Stored records
· · ·
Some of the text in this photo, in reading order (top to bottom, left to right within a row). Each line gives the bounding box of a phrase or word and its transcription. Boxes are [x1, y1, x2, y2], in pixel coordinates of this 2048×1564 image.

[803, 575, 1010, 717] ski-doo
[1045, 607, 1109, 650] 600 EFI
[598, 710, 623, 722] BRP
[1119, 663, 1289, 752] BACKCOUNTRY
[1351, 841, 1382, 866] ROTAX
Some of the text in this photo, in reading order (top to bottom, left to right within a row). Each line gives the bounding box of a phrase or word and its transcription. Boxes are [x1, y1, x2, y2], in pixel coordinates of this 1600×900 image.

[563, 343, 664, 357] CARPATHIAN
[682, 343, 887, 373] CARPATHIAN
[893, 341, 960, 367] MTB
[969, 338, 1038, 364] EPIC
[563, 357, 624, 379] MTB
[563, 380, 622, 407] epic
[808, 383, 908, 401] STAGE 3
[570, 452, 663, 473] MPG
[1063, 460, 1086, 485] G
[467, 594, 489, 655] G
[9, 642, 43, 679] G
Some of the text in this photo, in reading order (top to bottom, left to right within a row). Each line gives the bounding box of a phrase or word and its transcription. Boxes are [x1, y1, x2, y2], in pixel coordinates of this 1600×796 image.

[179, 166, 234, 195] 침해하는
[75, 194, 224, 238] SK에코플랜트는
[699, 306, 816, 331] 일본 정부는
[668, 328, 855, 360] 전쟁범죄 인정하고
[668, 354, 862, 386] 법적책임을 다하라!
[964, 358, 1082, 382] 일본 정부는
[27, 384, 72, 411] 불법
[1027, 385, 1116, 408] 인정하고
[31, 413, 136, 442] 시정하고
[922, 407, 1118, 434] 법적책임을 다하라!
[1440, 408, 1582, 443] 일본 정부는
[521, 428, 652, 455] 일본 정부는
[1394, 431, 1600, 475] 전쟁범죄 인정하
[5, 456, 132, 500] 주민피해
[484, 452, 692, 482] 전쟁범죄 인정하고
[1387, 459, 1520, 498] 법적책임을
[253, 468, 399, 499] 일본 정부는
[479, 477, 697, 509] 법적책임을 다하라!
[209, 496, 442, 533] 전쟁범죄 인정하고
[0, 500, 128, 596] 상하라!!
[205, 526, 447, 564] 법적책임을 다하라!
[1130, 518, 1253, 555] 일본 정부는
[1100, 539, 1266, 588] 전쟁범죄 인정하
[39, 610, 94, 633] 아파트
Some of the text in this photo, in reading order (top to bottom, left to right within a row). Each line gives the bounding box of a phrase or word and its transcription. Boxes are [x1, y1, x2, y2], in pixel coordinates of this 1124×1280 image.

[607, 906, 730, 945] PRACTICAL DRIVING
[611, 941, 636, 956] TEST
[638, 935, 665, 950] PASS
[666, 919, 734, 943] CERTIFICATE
· · ·
§ **WORK REQUEST**
Restate word for word the lines above, beginning with the one that contains "this 1600×900 image." and ending with the last line.

§ **RESPONSE TO THE EXERCISE**
Some of the text in this photo, in reading order (top to bottom, left to right within a row). Each line gives the bounding box of a phrase or word and its transcription. Boxes are [x1, y1, x2, y2], in pixel coordinates of this 1600×900 image.

[563, 343, 664, 357] CARPATHIAN
[682, 343, 887, 373] CARPATHIAN
[893, 341, 960, 367] MTB
[969, 338, 1038, 364] EPIC
[563, 357, 624, 379] MTB
[563, 380, 622, 407] epic
[808, 383, 908, 401] STAGE 3
[570, 452, 663, 473] MPG
[1063, 460, 1086, 485] G
[467, 594, 489, 655] G
[9, 642, 43, 679] G
Some of the text in this photo, in reading order (top to bottom, left to right within a row). Each line gives the bounding box of a phrase or word and its transcription. Boxes are [x1, y1, x2, y2], in pixel coordinates of this 1600×796 image.

[179, 166, 234, 195] 침해하는
[75, 194, 224, 238] SK에코플랜트는
[699, 306, 816, 331] 일본 정부는
[668, 328, 855, 360] 전쟁범죄 인정하고
[668, 354, 862, 386] 법적책임을 다하라!
[964, 358, 1082, 382] 일본 정부는
[27, 384, 72, 411] 불법
[1027, 385, 1116, 408] 인정하고
[31, 413, 136, 442] 시정하고
[922, 407, 1118, 434] 법적책임을 다하라!
[1440, 408, 1582, 443] 일본 정부는
[521, 428, 652, 455] 일본 정부는
[1394, 431, 1600, 475] 전쟁범죄 인정하
[5, 456, 132, 500] 주민피해
[484, 452, 692, 482] 전쟁범죄 인정하고
[1387, 459, 1520, 498] 법적책임을
[253, 468, 399, 499] 일본 정부는
[479, 477, 697, 509] 법적책임을 다하라!
[209, 496, 442, 533] 전쟁범죄 인정하고
[0, 500, 128, 596] 상하라!!
[205, 526, 447, 564] 법적책임을 다하라!
[1130, 518, 1253, 555] 일본 정부는
[1100, 539, 1266, 588] 전쟁범죄 인정하
[39, 610, 94, 633] 아파트
Some of the text in this photo, in reading order (top to bottom, left to right within a row). Each line gives the bounding box of a phrase or word and its transcription. Boxes are [x1, y1, x2, y2], in pixel coordinates of this 1124×1280 image.

[607, 906, 730, 945] PRACTICAL DRIVING
[611, 941, 636, 956] TEST
[638, 935, 665, 950] PASS
[666, 919, 734, 943] CERTIFICATE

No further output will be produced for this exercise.